Realize the Full Potential of ESG Sustainability Reporting
Do you want your company to grow it rapidly? The secret is getting to understand and deliver what stakeholders want. This is why ESG sustainability reporting has become central to most operations of companies today. They are demanding environmental, social, and governance (ESG) disclosures that can help in making the right decisions about your company.
Employees want to understand if their company is focused on equality and empowerment, while investors want to assess the potential for their returns.
ESG sustainability reporting has created the roadmap for disclosing a company’s social, environmental and governance impacts. Despite this channel for communication, some stakeholders have raised concerns that the reports they get are not sufficient to help them make the right decisions.
If you make an ESG report of poor quality, the chances are stakeholders will start doubting it. In this post, we will tell you how to harness the full potential of ESG sustainability reporting.
Optimizing the Potential of ESG Reporting
There are a number of ways that you can use to optimize ESG sustainability reporting benefits, and we are going to highlight the most common:
- Engage with Stakeholders and Let them Drive the Report
Stakeholders have developed a huge appetite for change. It is not just transparency. This presents businesses with strong cases for them to take action to win their affection. As a business, you need to identify these stakeholders to understand their needs and strive to deliver it. Take the example of customers as important stakeholders in business operations. By engaging them, they indicate what you should focus on more, meaning that they are not just the consumers of the report, but also the drivers of the process.

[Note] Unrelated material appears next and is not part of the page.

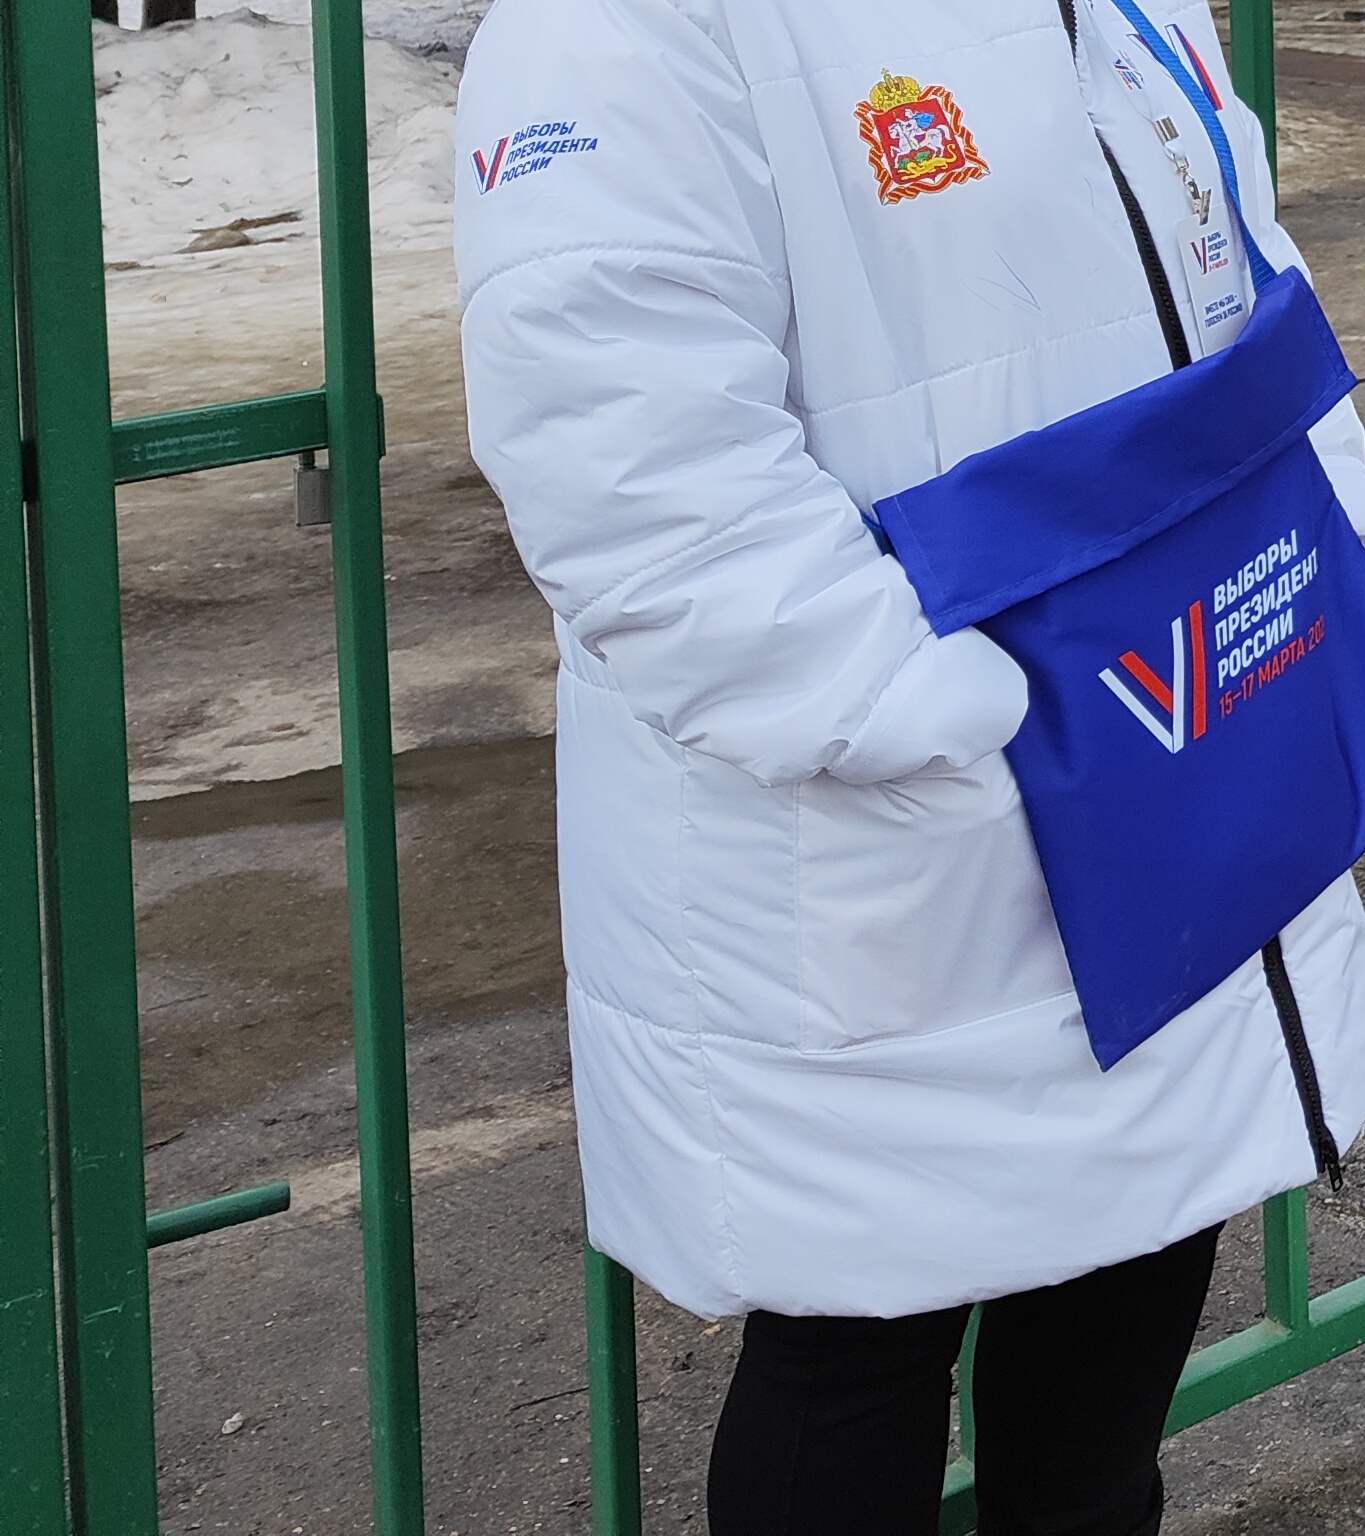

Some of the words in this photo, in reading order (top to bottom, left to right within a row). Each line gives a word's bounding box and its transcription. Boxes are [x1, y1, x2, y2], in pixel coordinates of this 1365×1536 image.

When the sustainability report is finally released, they will say, “yes, this is what we wanted.” Customers will buy more, while investors will want to be associated with the future of the company. This is all you might need to drive more sales, raise more capital and take the enterprise to the next level.
- Use ESG Sustainability Reporting for Compliance
As the effects of climate change and others that are related to poor sustainability become clear, regulatory organizations, professional bodies, and stock markets are demanding focus on sustainability. For example, the SEC in the United States is working with market participants on the adequacy of sustainability disclosures with the aim of reviewing them.
Another example is the Hong Kong Stock Exchange, which has set the bar even higher for all listed companies. The secret to enjoying optimal stakeholder support is targeting to deliver or surpass what these regulatory authorities want.
- Use ESG Reporting to Cut Down the Cost of Operations
For some companies, especially in manufacturing, it is not uncommon to get their management emphasizing on the costs associated with ESG reporting. This is indeed true, but a closer look demonstrates that when done well, the cost can be pushed down significantly.
Take the example of an ESG sustainability reporting process that recommends an overhaul of the machinery in a manufacturing facility. When the entire process is done, the cost of production will come down because of high efficiency, implying that you can even sell the products at a lower cost to win a bigger market share.
This post has demonstrated that although ESG sustainability reporting is still in its early stages, it has a huge potential when applied properly. Particularly, it is important to ensure you have the right ESG sustainability reporting software to guide you in the entire process. Remember that once you start the process, the focus should target progressive improvement to build on the current successes.